(Dataset entries)
++++++++++++++++++++

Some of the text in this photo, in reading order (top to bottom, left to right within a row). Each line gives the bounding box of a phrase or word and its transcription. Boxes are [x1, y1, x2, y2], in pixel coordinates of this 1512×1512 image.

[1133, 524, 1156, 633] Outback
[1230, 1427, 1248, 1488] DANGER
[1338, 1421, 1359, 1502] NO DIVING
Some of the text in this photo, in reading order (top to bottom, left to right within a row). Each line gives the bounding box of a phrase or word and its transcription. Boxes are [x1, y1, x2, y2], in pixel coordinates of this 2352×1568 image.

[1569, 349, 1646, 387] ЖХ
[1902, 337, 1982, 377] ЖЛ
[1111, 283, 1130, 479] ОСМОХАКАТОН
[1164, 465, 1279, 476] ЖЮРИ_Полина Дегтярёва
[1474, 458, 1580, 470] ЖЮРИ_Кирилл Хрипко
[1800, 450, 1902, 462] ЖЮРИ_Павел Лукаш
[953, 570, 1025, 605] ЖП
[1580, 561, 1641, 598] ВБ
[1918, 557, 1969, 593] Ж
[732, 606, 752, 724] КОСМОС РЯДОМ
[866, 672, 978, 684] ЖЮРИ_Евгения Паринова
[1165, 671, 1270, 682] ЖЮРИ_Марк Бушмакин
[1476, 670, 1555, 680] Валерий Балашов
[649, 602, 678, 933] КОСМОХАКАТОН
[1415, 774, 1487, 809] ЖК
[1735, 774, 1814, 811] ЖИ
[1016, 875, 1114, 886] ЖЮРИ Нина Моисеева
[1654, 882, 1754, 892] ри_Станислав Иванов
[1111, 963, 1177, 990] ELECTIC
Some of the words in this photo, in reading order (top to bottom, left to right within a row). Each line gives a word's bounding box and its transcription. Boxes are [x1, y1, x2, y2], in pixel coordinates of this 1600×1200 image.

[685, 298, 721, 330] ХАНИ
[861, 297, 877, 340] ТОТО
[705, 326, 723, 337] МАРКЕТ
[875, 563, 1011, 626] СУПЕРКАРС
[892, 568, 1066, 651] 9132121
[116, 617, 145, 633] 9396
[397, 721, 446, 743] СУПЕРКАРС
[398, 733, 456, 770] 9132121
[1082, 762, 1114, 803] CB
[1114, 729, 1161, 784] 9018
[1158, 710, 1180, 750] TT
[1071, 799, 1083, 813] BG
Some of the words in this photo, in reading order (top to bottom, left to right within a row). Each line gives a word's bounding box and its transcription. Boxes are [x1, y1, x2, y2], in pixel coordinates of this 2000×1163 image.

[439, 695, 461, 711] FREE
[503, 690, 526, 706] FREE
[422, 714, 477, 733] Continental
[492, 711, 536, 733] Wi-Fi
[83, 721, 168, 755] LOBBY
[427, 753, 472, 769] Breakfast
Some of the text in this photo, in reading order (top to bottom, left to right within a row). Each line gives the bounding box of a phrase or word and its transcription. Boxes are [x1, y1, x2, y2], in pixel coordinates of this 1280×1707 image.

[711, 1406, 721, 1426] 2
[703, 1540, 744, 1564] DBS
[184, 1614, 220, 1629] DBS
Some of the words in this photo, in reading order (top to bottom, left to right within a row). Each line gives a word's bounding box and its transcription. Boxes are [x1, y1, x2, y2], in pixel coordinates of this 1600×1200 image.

++++++++++++++++++++

- Required work -
Transcribe all of the data so that each line matches the source exactly.

- Result of the task -
Some of the text in this photo, in reading order (top to bottom, left to right within a row). Each line gives the bounding box of a phrase or word and its transcription. Boxes are [x1, y1, x2, y2], in pixel coordinates of this 1512×1512 image.

[1133, 524, 1156, 633] Outback
[1230, 1427, 1248, 1488] DANGER
[1338, 1421, 1359, 1502] NO DIVING
Some of the text in this photo, in reading order (top to bottom, left to right within a row). Each line gives the bounding box of a phrase or word and its transcription. Boxes are [x1, y1, x2, y2], in pixel coordinates of this 2352×1568 image.

[1569, 349, 1646, 387] ЖХ
[1902, 337, 1982, 377] ЖЛ
[1111, 283, 1130, 479] ОСМОХАКАТОН
[1164, 465, 1279, 476] ЖЮРИ_Полина Дегтярёва
[1474, 458, 1580, 470] ЖЮРИ_Кирилл Хрипко
[1800, 450, 1902, 462] ЖЮРИ_Павел Лукаш
[953, 570, 1025, 605] ЖП
[1580, 561, 1641, 598] ВБ
[1918, 557, 1969, 593] Ж
[732, 606, 752, 724] КОСМОС РЯДОМ
[866, 672, 978, 684] ЖЮРИ_Евгения Паринова
[1165, 671, 1270, 682] ЖЮРИ_Марк Бушмакин
[1476, 670, 1555, 680] Валерий Балашов
[649, 602, 678, 933] КОСМОХАКАТОН
[1415, 774, 1487, 809] ЖК
[1735, 774, 1814, 811] ЖИ
[1016, 875, 1114, 886] ЖЮРИ Нина Моисеева
[1654, 882, 1754, 892] ри_Станислав Иванов
[1111, 963, 1177, 990] ELECTIC
Some of the words in this photo, in reading order (top to bottom, left to right within a row). Each line gives a word's bounding box and its transcription. Boxes are [x1, y1, x2, y2], in pixel coordinates of this 1600×1200 image.

[685, 298, 721, 330] ХАНИ
[861, 297, 877, 340] ТОТО
[705, 326, 723, 337] МАРКЕТ
[875, 563, 1011, 626] СУПЕРКАРС
[892, 568, 1066, 651] 9132121
[116, 617, 145, 633] 9396
[397, 721, 446, 743] СУПЕРКАРС
[398, 733, 456, 770] 9132121
[1082, 762, 1114, 803] CB
[1114, 729, 1161, 784] 9018
[1158, 710, 1180, 750] TT
[1071, 799, 1083, 813] BG
Some of the words in this photo, in reading order (top to bottom, left to right within a row). Each line gives a word's bounding box and its transcription. Boxes are [x1, y1, x2, y2], in pixel coordinates of this 2000×1163 image.

[439, 695, 461, 711] FREE
[503, 690, 526, 706] FREE
[422, 714, 477, 733] Continental
[492, 711, 536, 733] Wi-Fi
[83, 721, 168, 755] LOBBY
[427, 753, 472, 769] Breakfast
Some of the text in this photo, in reading order (top to bottom, left to right within a row). Each line gives the bounding box of a phrase or word and its transcription. Boxes are [x1, y1, x2, y2], in pixel coordinates of this 1280×1707 image.

[711, 1406, 721, 1426] 2
[703, 1540, 744, 1564] DBS
[184, 1614, 220, 1629] DBS
Some of the words in this photo, in reading order (top to bottom, left to right within a row). Each line gives a word's bounding box and its transcription. Boxes are [x1, y1, x2, y2], in pixel coordinates of this 1600×1200 image.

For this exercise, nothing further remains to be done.